Task description — Repeat every entry word for word; omit all pictures.

---- Supplied entries

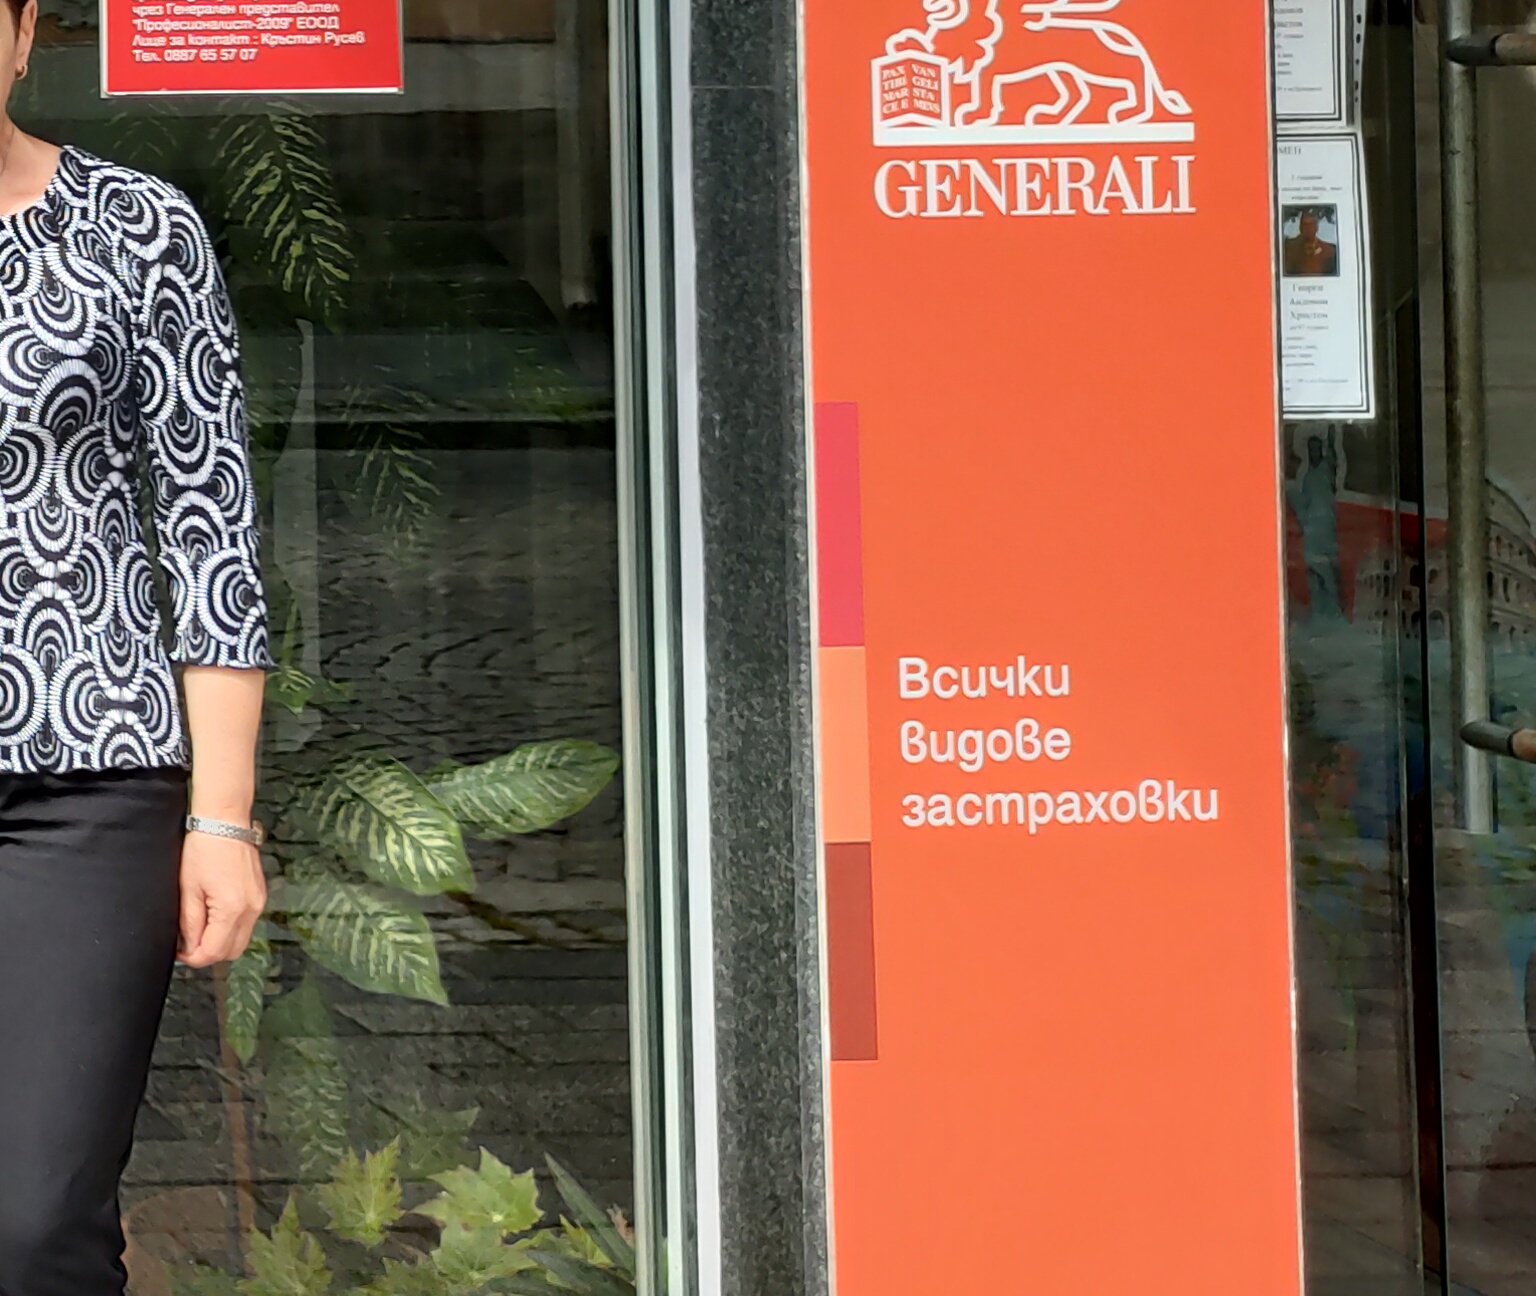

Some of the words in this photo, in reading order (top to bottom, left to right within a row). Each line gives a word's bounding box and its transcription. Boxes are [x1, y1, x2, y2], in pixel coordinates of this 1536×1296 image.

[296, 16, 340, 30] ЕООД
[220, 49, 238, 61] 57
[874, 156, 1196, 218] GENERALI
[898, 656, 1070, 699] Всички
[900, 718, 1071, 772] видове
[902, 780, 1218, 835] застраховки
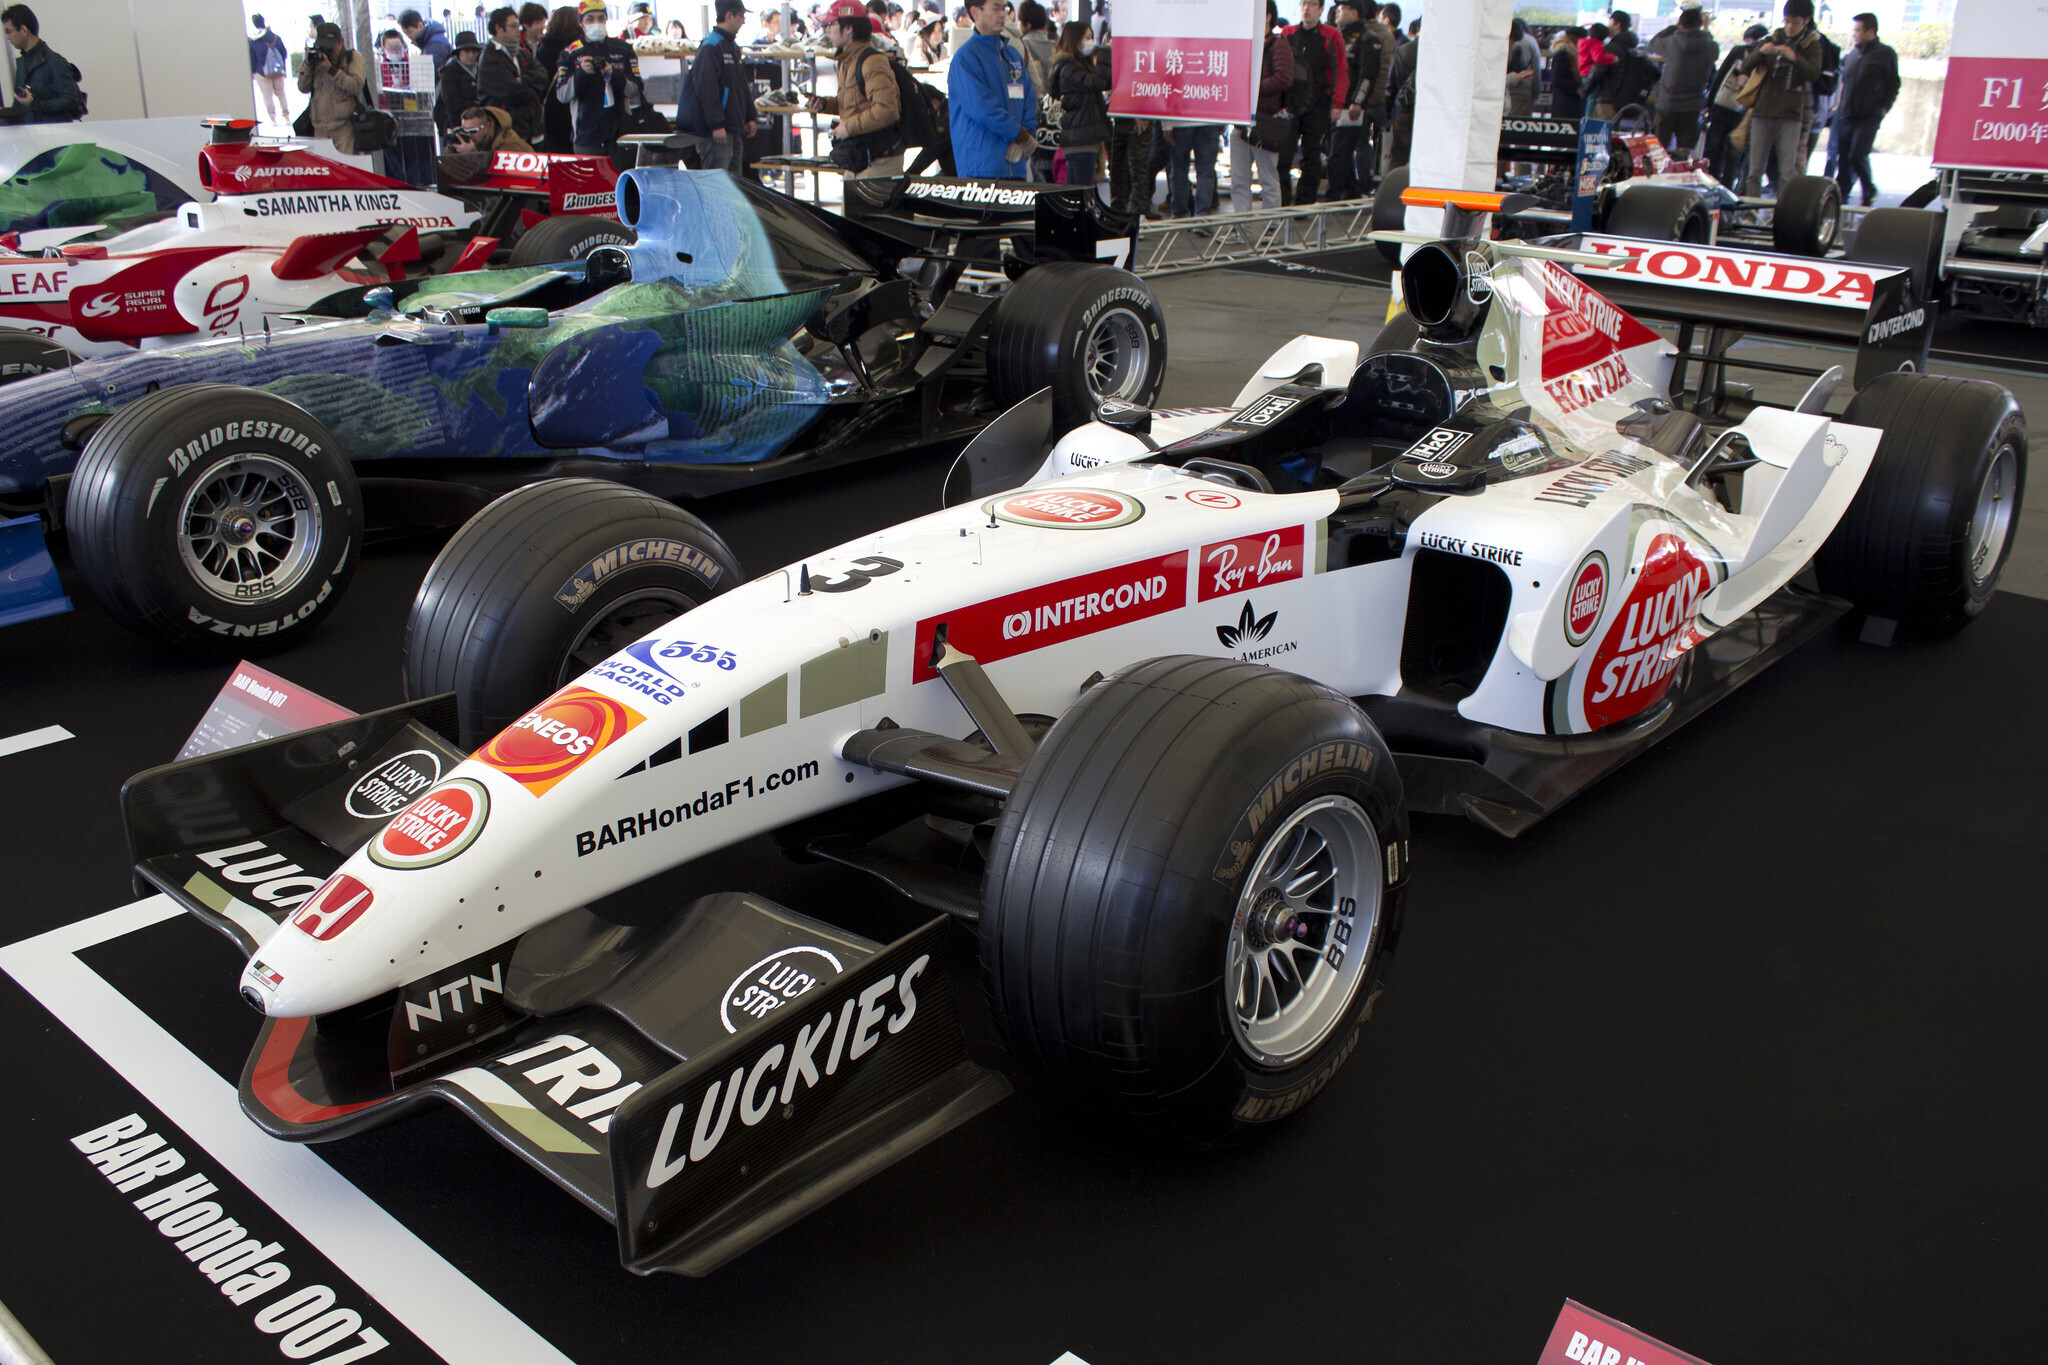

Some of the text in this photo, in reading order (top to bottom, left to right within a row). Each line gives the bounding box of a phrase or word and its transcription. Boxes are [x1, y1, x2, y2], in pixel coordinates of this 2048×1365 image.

--------

Response —
Some of the words in this photo, in reading order (top to bottom, left to right within a row). Each line gives a word's bounding box and its transcription. Boxes are [x1, y1, x2, y2], in pixel coordinates of this 1536×1296 image.

[296, 16, 340, 30] ЕООД
[220, 49, 238, 61] 57
[874, 156, 1196, 218] GENERALI
[898, 656, 1070, 699] Всички
[900, 718, 1071, 772] видове
[902, 780, 1218, 835] застраховки

Some of the text in this photo, in reading order (top to bottom, left to right within a row). Each line gives the bounding box of a phrase or word and its transcription. Boxes are [x1, y1, x2, y2], in pixel coordinates of this 2048×1365 image.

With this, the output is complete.